GIVEN DATA
_____

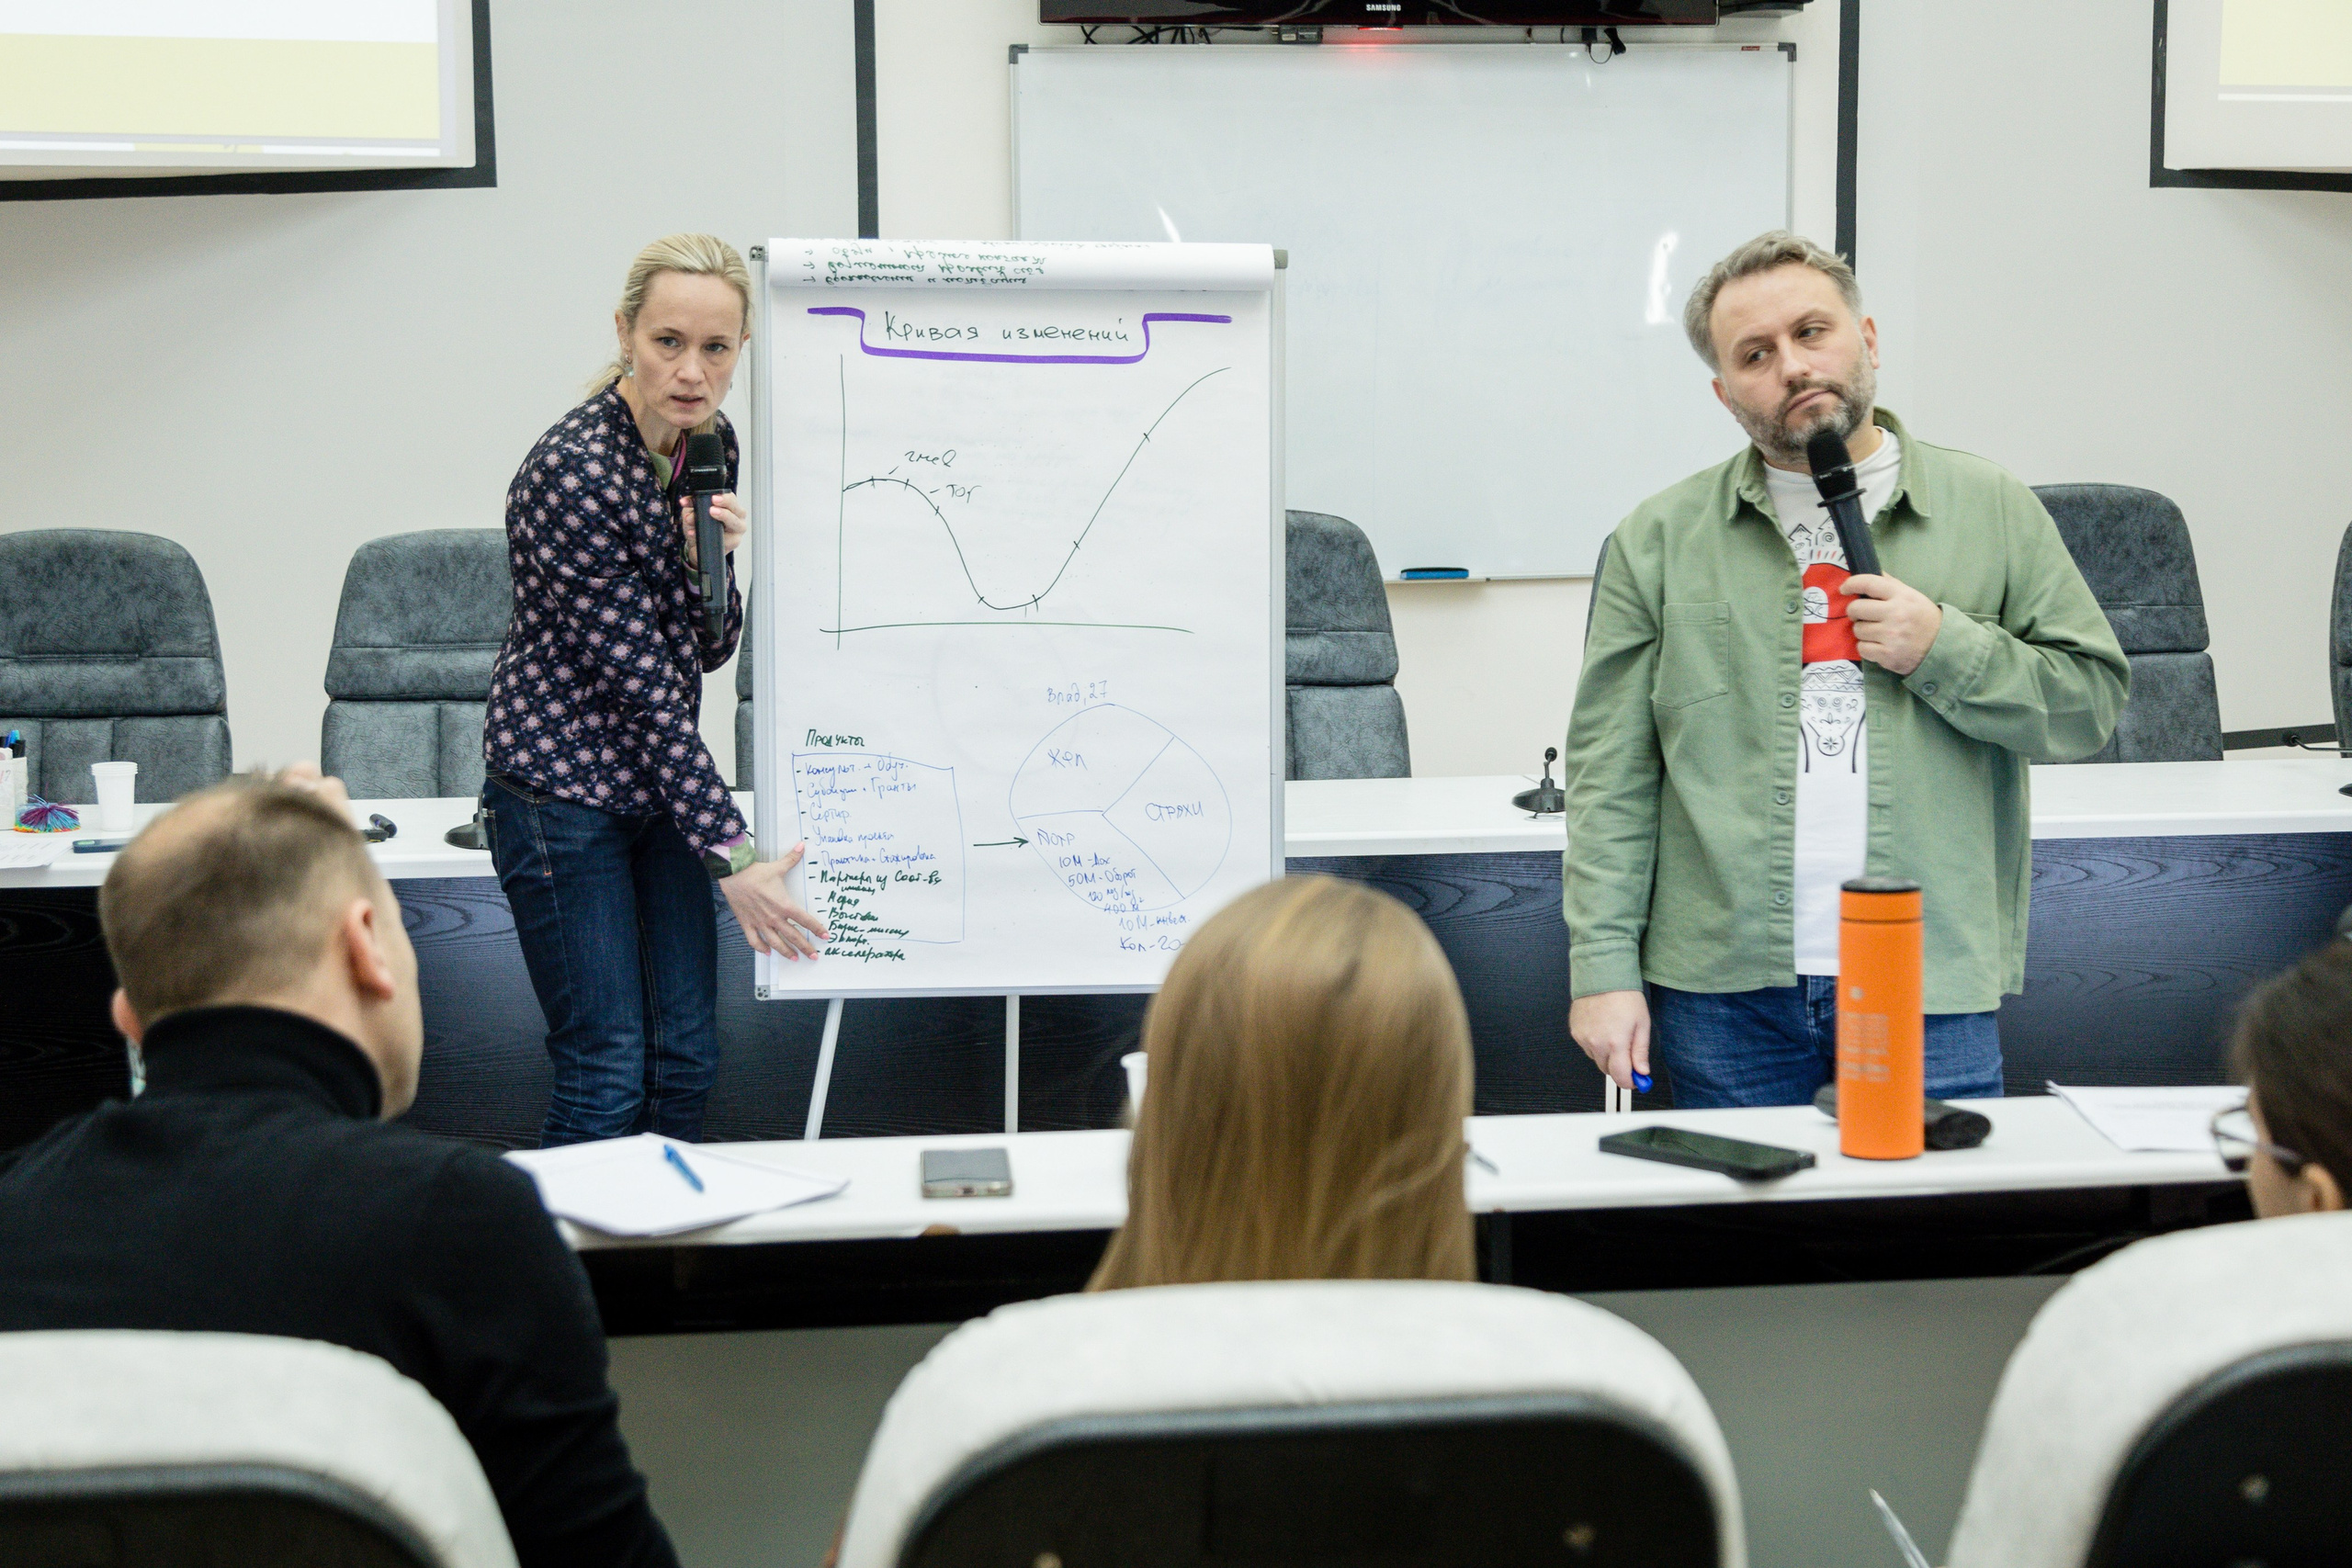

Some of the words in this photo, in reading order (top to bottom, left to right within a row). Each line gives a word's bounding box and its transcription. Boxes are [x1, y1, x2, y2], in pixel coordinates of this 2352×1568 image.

[1366, 4, 1401, 12] SAMSUNG
[885, 310, 978, 341] Кривая
[1002, 318, 1129, 342] изменений
[806, 728, 865, 748] Продукты
[870, 776, 916, 799] Гранты

_____

WHAT YOU ARE ASKED TO DO
Above are records with pictures; repeat the records exactly and leave the pictures out.

THE ANSWER
Some of the words in this photo, in reading order (top to bottom, left to right within a row). Each line gives a word's bounding box and its transcription. Boxes are [x1, y1, x2, y2], in pixel coordinates of this 2352×1568 image.

[1366, 4, 1401, 12] SAMSUNG
[885, 310, 978, 341] Кривая
[1002, 318, 1129, 342] изменений
[806, 728, 865, 748] Продукты
[870, 776, 916, 799] Гранты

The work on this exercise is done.